All the chatter is about Berkshire Hathaway (BRK) and the abrupt resignation of David Sokol, who many considered the heir apparent to Warren Buffett. There are many questions, and rightfully so, given Sokol's purchase of Lubrizol ahead of Berkshire's massive takeover bid for the company. I think the real issue is the image of Warren Buffett being a throwback to the days of the Saturday Evening Post, a down to earth billionaire who owns simple companies that employ regular Americans. Considering all the (known) baggage of other billionaires this is a guy our kids could look up to.
The question today is can you become a billionaire without harming others, crushing rivals, lying, or stealing all the way? This week it was revealed in his new book that Paul Allen felt Bill Gates was trying to steal some of his shares in Microsoft (NASDAQ:MSFT) as the co-founder was in the hospital battling cancer. The world's richest man has never taken a picture where he didn't look pissed.
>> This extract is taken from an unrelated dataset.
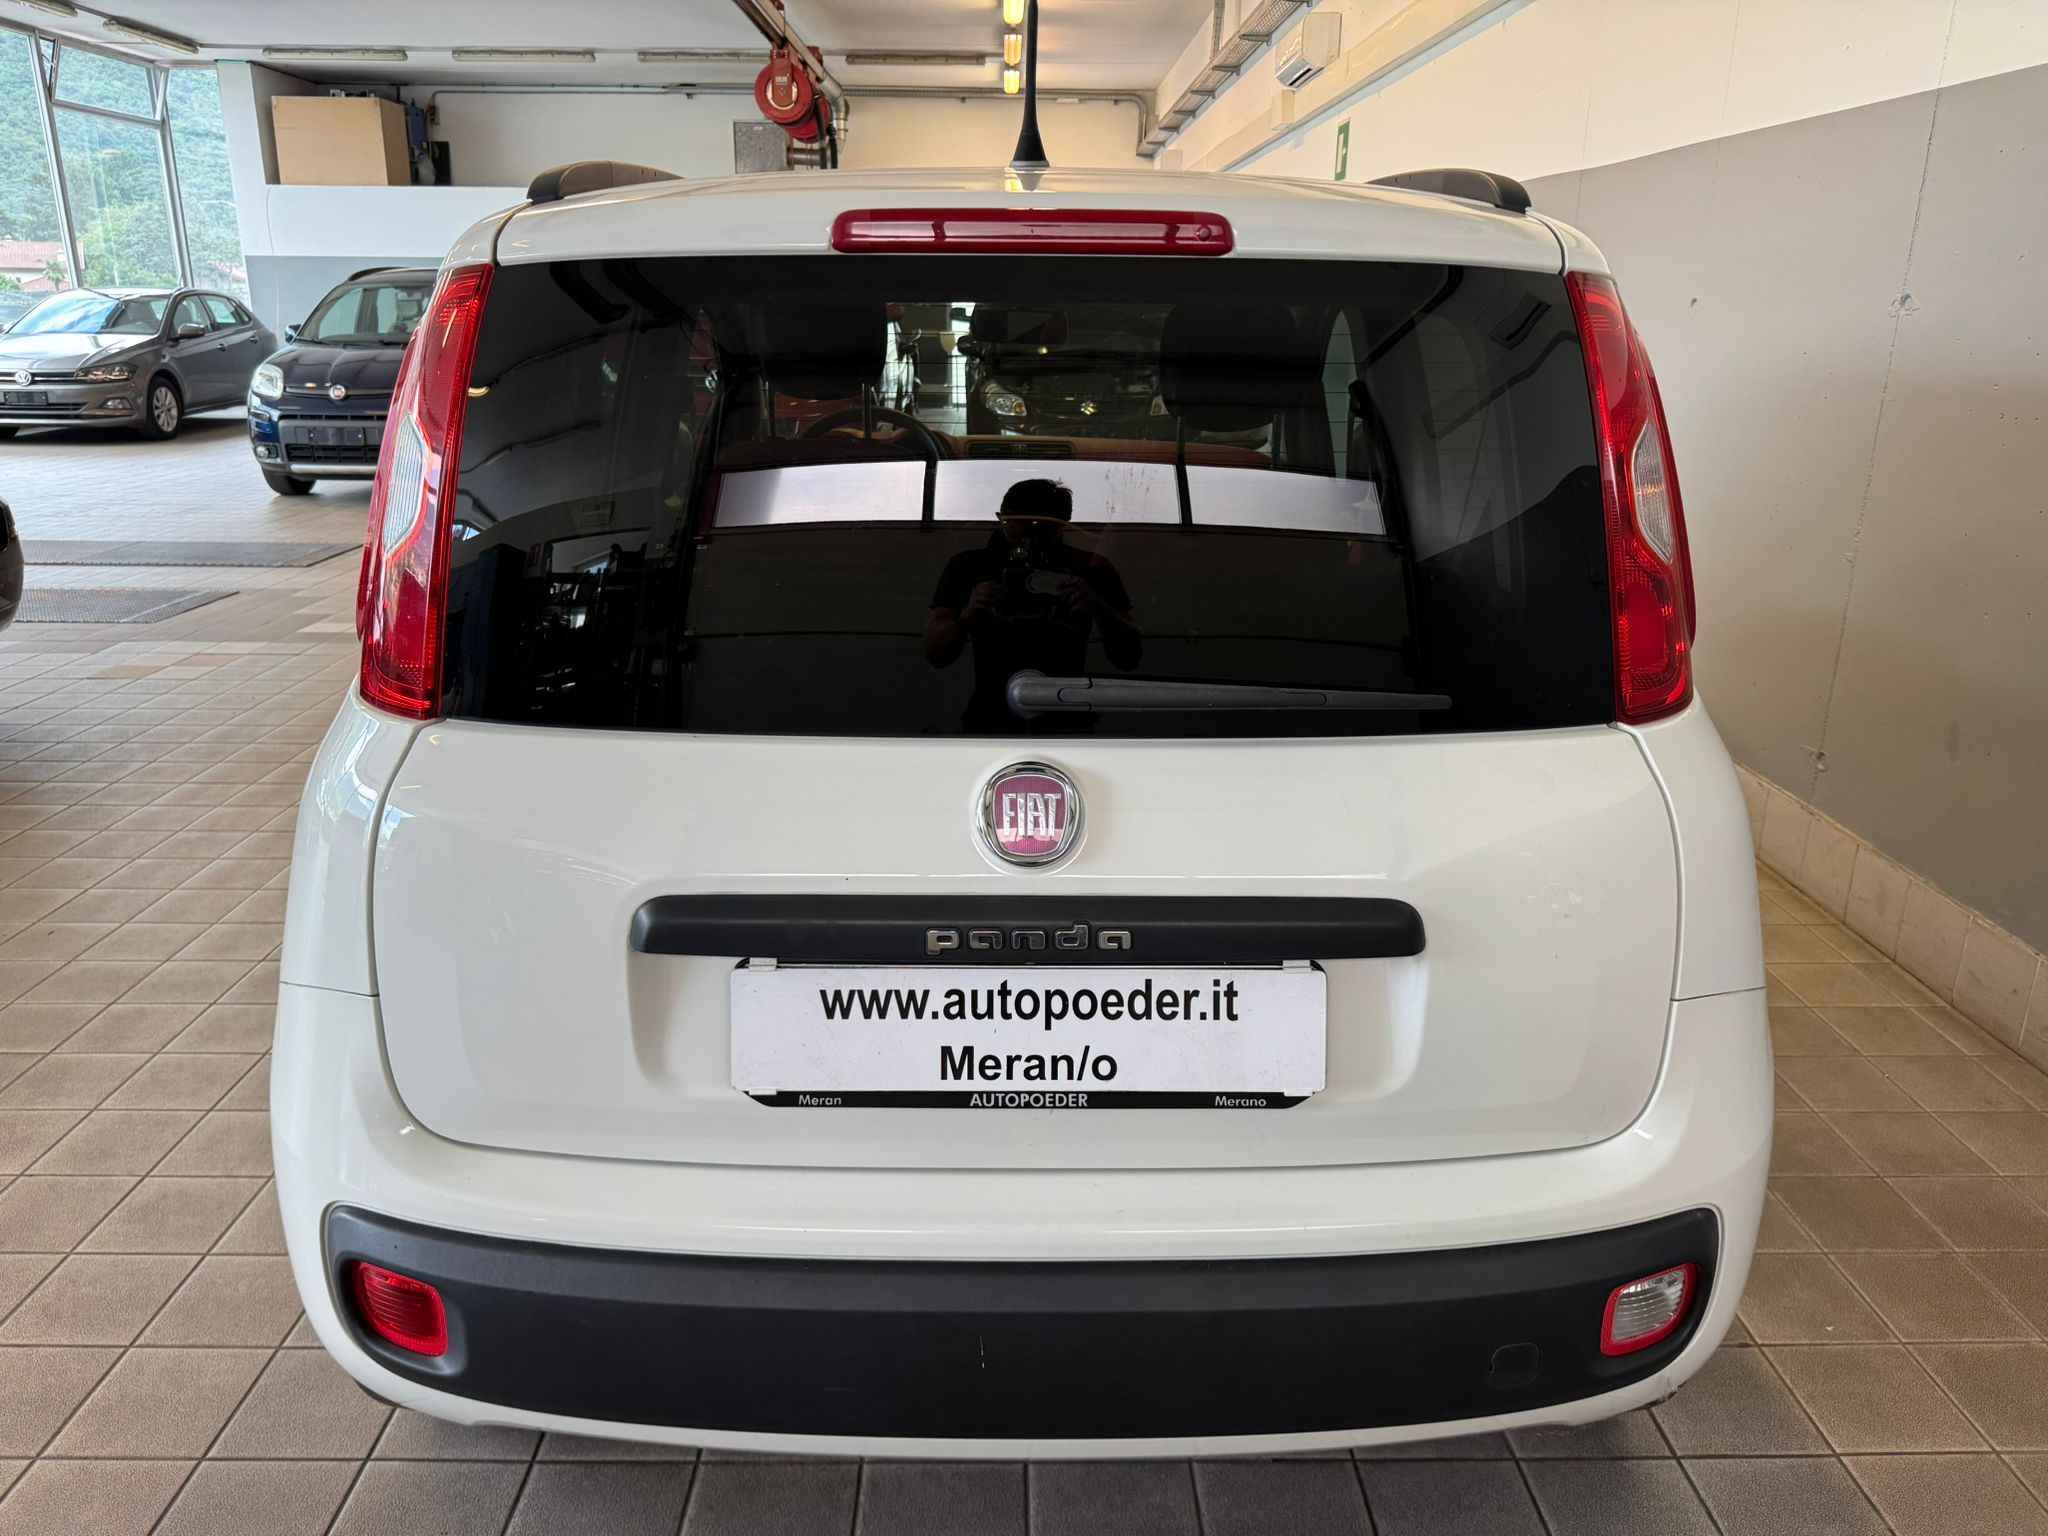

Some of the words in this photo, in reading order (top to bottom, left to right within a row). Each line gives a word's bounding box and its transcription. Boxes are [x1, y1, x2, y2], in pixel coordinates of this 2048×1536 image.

Carlos Slim has the eyes of someone that fears nothing...death or man. Tell me what you think. Take the poll at www.wstreet.com.
Global news is still impacting the market, but in the most subtle ways. Just think a couple of weeks ago our stock market recoiled from the thought of a lingering nuclear crisis in Japan. It wasn't long ago that bad economic news from Europe sent our stock market into a tailspin, now we know the sun will come up in the morning and there will be a sovereign debt ratings downgrade. It's interesting we have become so sanguine about these things even as worst case scenarios become realities.
I don't know if that's good or bad for the soul.
Be that as it may, we have to pay attention to Portugal, where the 2-year yield hit 8.172%, moving it above 8.102% for that nation's 10-year bond. There is palpable fear of a complete government shutdown, failure, and bankruptcy.